━━ Data under study

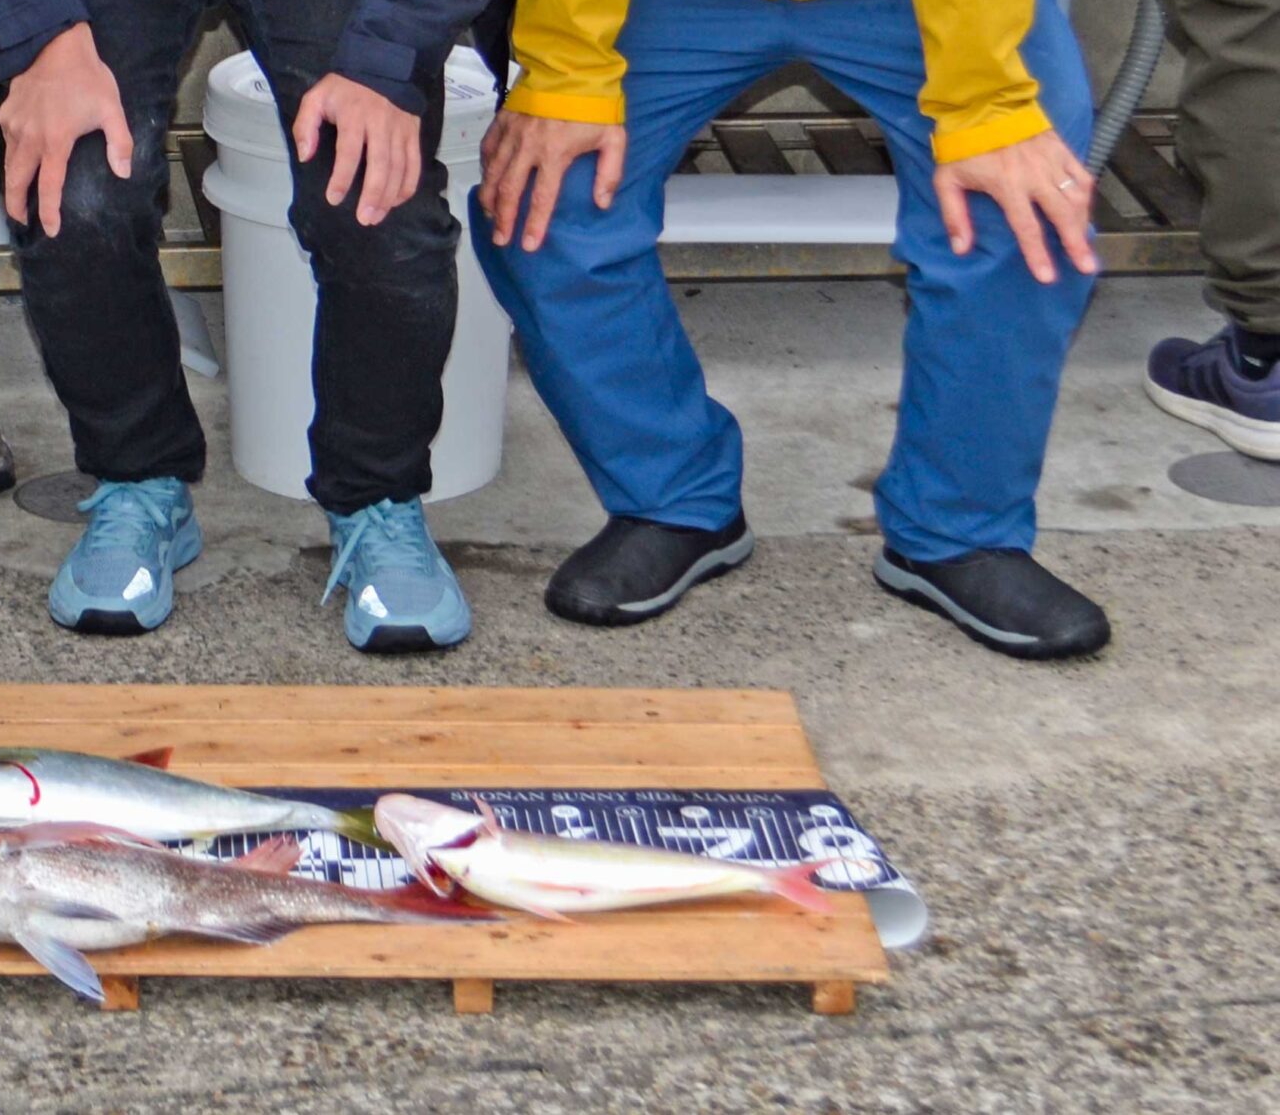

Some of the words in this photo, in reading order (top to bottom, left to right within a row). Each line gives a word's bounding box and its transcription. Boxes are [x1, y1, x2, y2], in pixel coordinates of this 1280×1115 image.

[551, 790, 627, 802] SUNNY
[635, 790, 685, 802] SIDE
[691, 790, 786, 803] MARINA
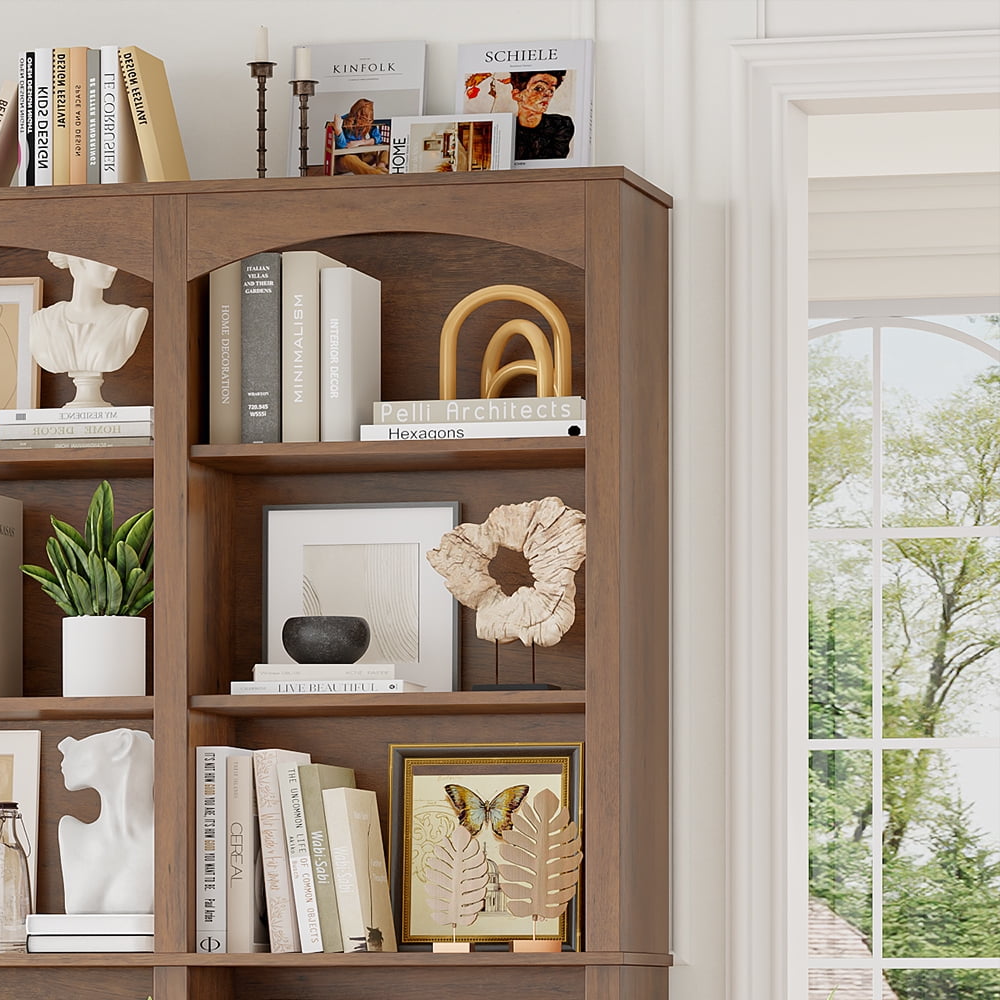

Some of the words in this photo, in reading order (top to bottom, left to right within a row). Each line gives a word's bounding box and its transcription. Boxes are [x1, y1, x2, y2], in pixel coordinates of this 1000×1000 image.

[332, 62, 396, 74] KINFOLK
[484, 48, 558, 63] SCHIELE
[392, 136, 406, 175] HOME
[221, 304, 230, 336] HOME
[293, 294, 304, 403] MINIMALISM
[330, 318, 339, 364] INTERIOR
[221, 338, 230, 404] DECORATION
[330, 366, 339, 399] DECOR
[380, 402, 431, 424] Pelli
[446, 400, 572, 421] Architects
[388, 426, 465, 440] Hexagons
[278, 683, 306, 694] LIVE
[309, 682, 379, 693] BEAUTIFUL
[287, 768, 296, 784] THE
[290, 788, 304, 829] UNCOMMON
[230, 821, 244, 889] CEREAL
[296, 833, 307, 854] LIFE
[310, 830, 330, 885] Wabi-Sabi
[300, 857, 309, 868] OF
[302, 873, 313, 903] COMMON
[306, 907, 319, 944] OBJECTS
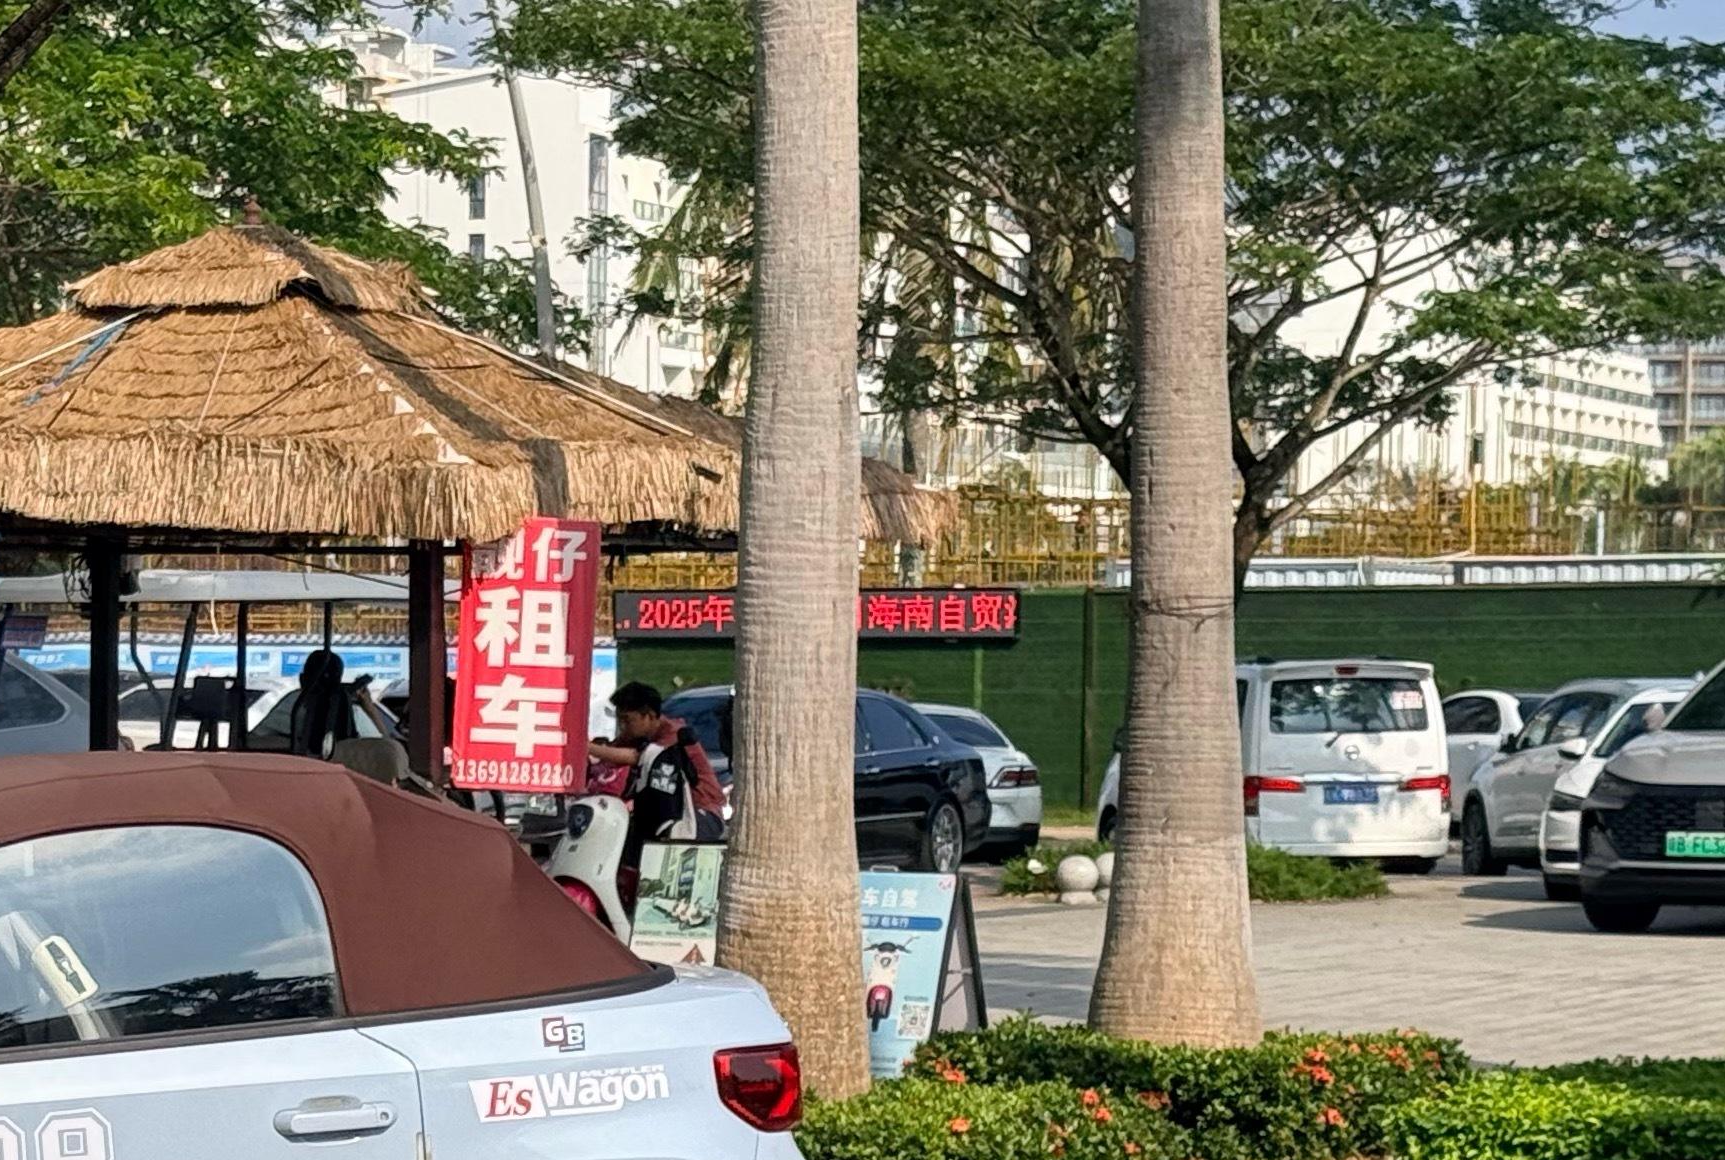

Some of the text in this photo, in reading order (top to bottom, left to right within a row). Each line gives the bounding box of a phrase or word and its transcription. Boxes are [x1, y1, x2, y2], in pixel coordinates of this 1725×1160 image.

━━━━
━━ Data under study

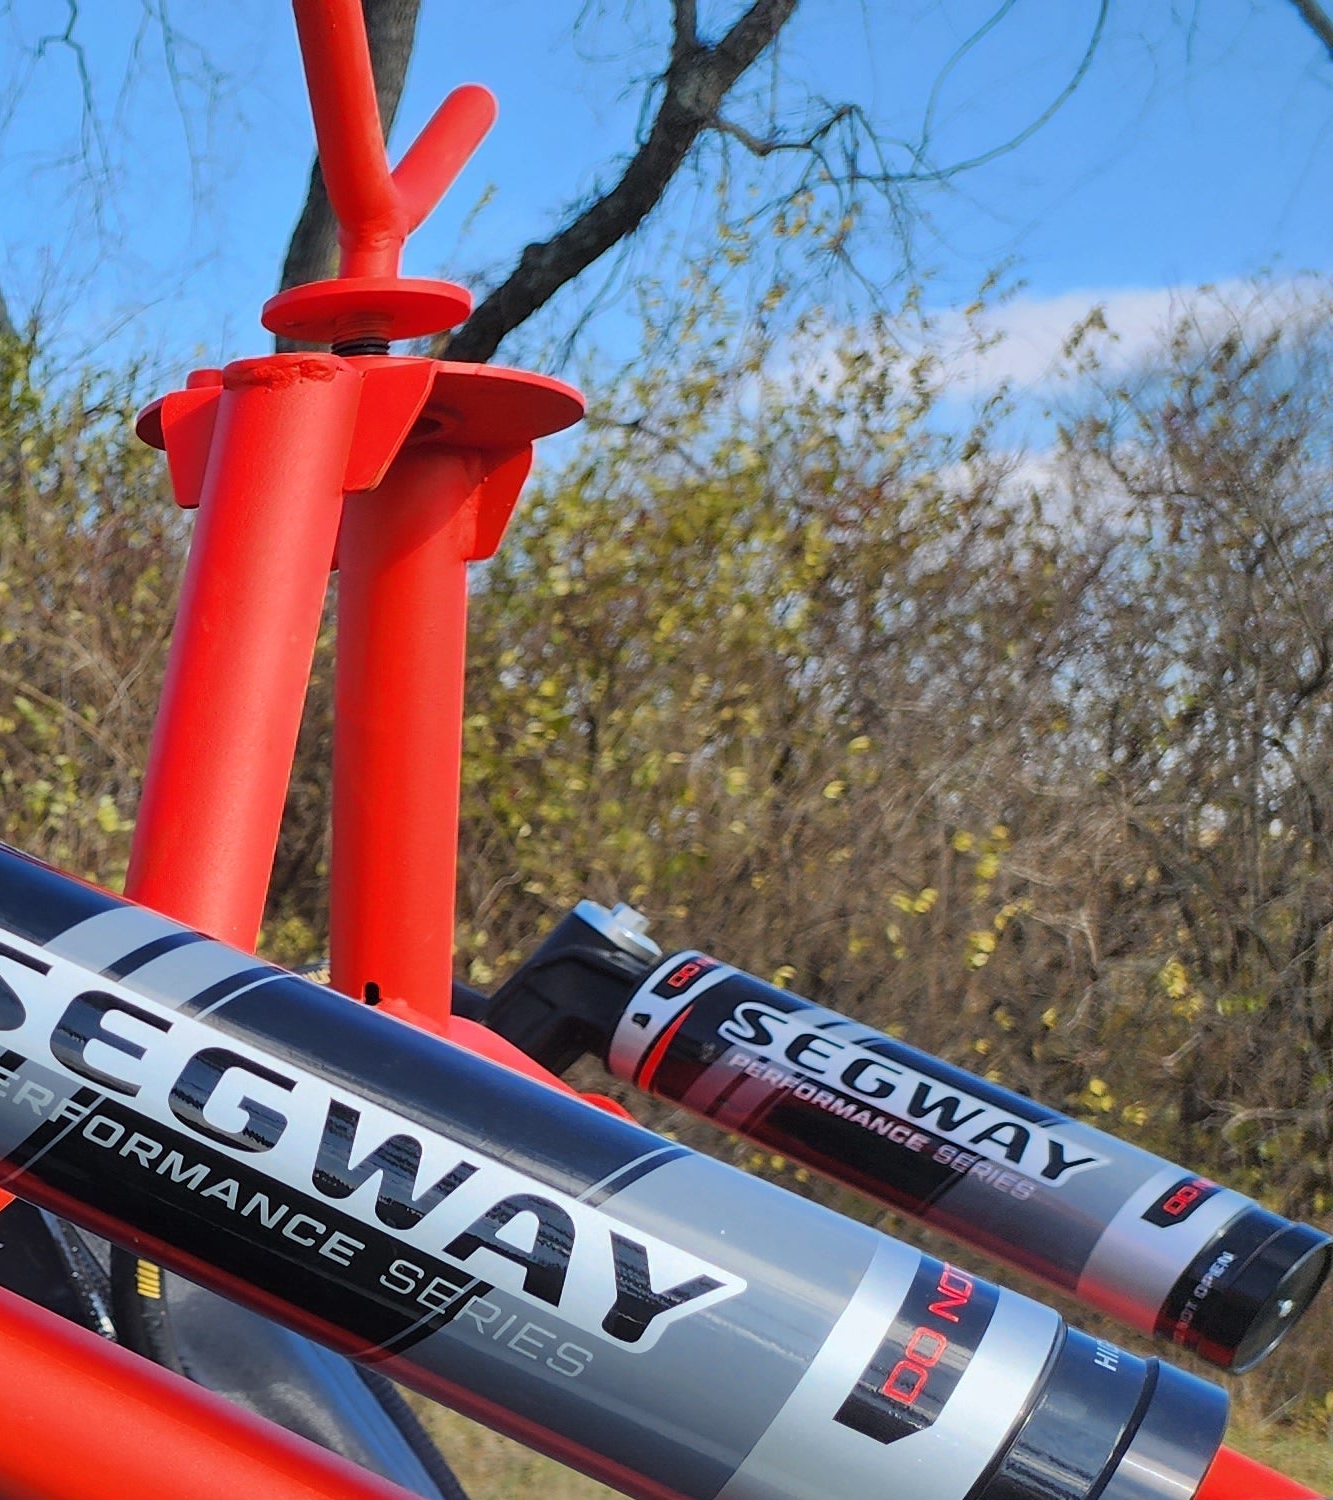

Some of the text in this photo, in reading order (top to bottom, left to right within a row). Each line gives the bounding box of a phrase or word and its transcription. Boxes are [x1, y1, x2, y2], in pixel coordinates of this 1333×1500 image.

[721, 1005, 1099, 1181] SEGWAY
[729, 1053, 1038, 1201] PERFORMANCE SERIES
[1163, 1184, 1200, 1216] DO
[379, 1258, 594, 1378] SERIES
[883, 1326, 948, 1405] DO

━━━━

Using the data above, which lines fall from the one with "this 1000×1000 image." through the one with "this 1725×1160 image."? Repeat them exactly, ends included, minus any pictures.

Problem solution:
Some of the words in this photo, in reading order (top to bottom, left to right within a row). Each line gives a word's bounding box and its transcription. Boxes are [x1, y1, x2, y2], in pixel coordinates of this 1000×1000 image.

[332, 62, 396, 74] KINFOLK
[484, 48, 558, 63] SCHIELE
[392, 136, 406, 175] HOME
[221, 304, 230, 336] HOME
[293, 294, 304, 403] MINIMALISM
[330, 318, 339, 364] INTERIOR
[221, 338, 230, 404] DECORATION
[330, 366, 339, 399] DECOR
[380, 402, 431, 424] Pelli
[446, 400, 572, 421] Architects
[388, 426, 465, 440] Hexagons
[278, 683, 306, 694] LIVE
[309, 682, 379, 693] BEAUTIFUL
[287, 768, 296, 784] THE
[290, 788, 304, 829] UNCOMMON
[230, 821, 244, 889] CEREAL
[296, 833, 307, 854] LIFE
[310, 830, 330, 885] Wabi-Sabi
[300, 857, 309, 868] OF
[302, 873, 313, 903] COMMON
[306, 907, 319, 944] OBJECTS

Some of the text in this photo, in reading order (top to bottom, left to right within a row). Each line gives the bounding box of a phrase or word and its transcription. Boxes are [x1, y1, x2, y2], in pixel coordinates of this 1725×1160 image.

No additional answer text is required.